* [Data records]

● ● ● ●

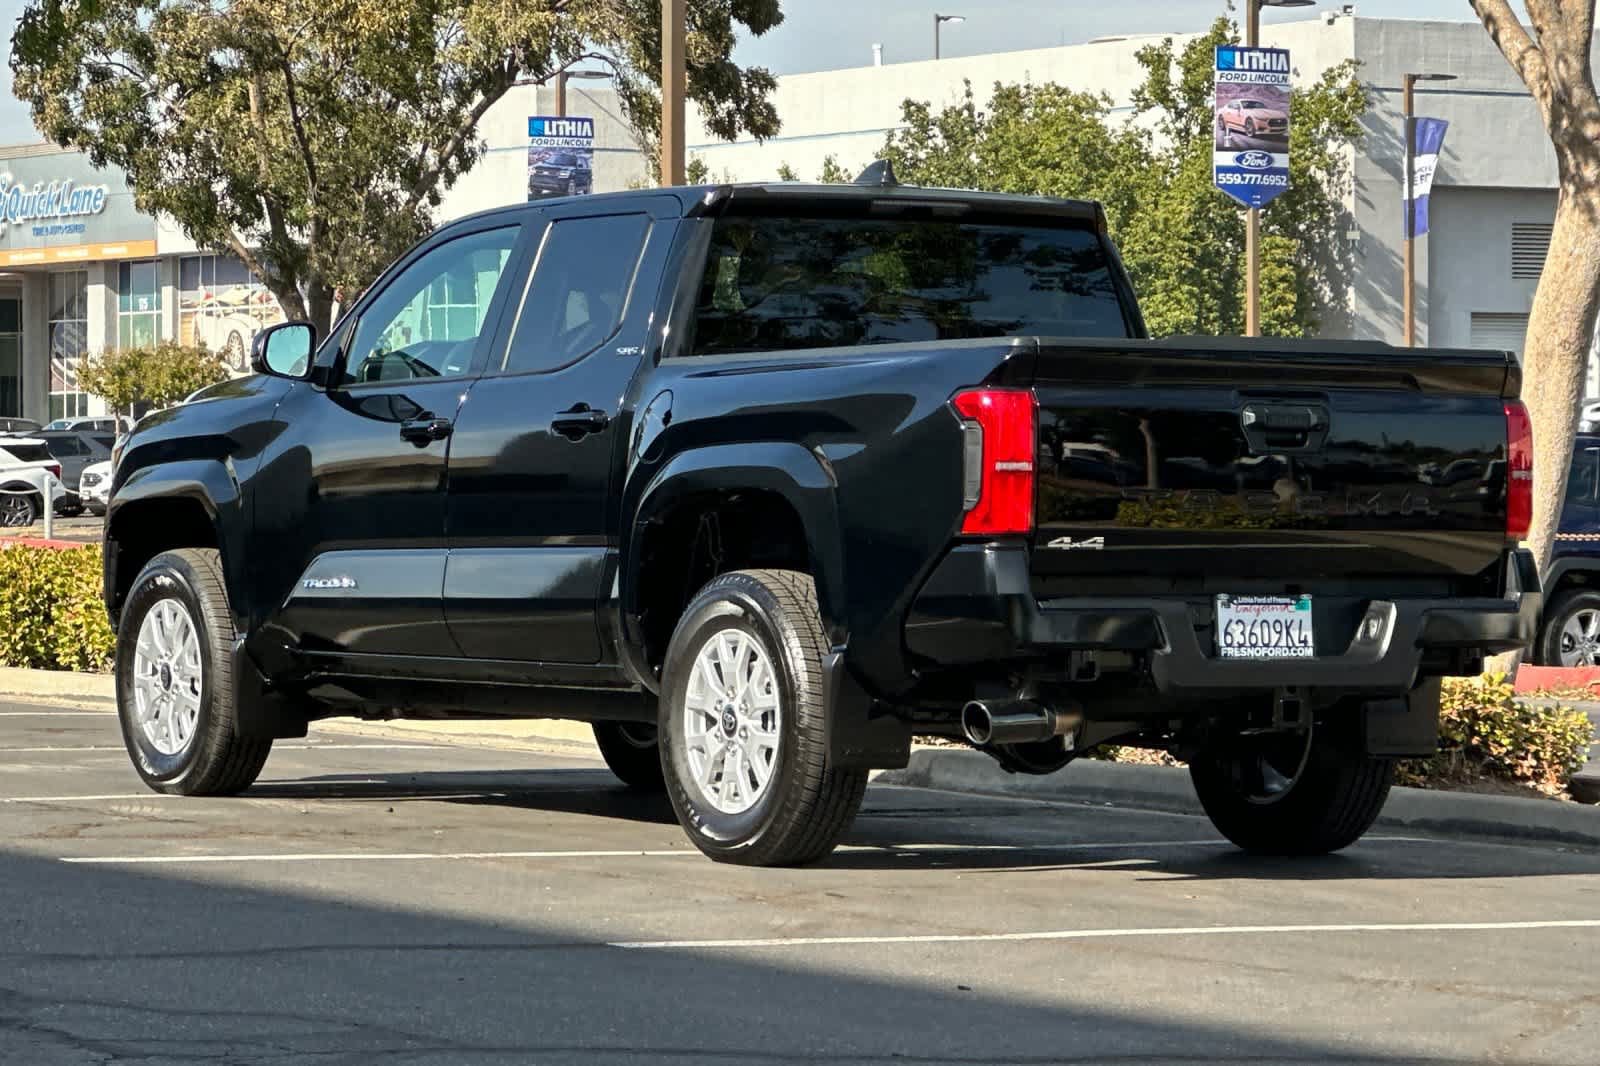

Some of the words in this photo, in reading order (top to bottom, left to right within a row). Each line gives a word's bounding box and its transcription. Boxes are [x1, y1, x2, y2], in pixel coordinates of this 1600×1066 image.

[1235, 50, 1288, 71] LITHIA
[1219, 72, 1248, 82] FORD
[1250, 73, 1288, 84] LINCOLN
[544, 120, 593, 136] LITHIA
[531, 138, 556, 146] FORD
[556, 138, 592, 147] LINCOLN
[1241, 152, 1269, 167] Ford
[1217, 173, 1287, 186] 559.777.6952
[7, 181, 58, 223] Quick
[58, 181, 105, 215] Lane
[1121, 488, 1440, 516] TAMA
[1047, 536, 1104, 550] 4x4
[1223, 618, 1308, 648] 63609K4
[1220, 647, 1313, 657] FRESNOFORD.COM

● ● ● ●

* [About this task] Please print each record above again exactly, but omit any pictures.

* [Result of this exercise]
Some of the words in this photo, in reading order (top to bottom, left to right within a row). Each line gives a word's bounding box and its transcription. Boxes are [x1, y1, x2, y2], in pixel coordinates of this 1600×1066 image.

[1235, 50, 1288, 71] LITHIA
[1219, 72, 1248, 82] FORD
[1250, 73, 1288, 84] LINCOLN
[544, 120, 593, 136] LITHIA
[531, 138, 556, 146] FORD
[556, 138, 592, 147] LINCOLN
[1241, 152, 1269, 167] Ford
[1217, 173, 1287, 186] 559.777.6952
[7, 181, 58, 223] Quick
[58, 181, 105, 215] Lane
[1121, 488, 1440, 516] TAMA
[1047, 536, 1104, 550] 4x4
[1223, 618, 1308, 648] 63609K4
[1220, 647, 1313, 657] FRESNOFORD.COM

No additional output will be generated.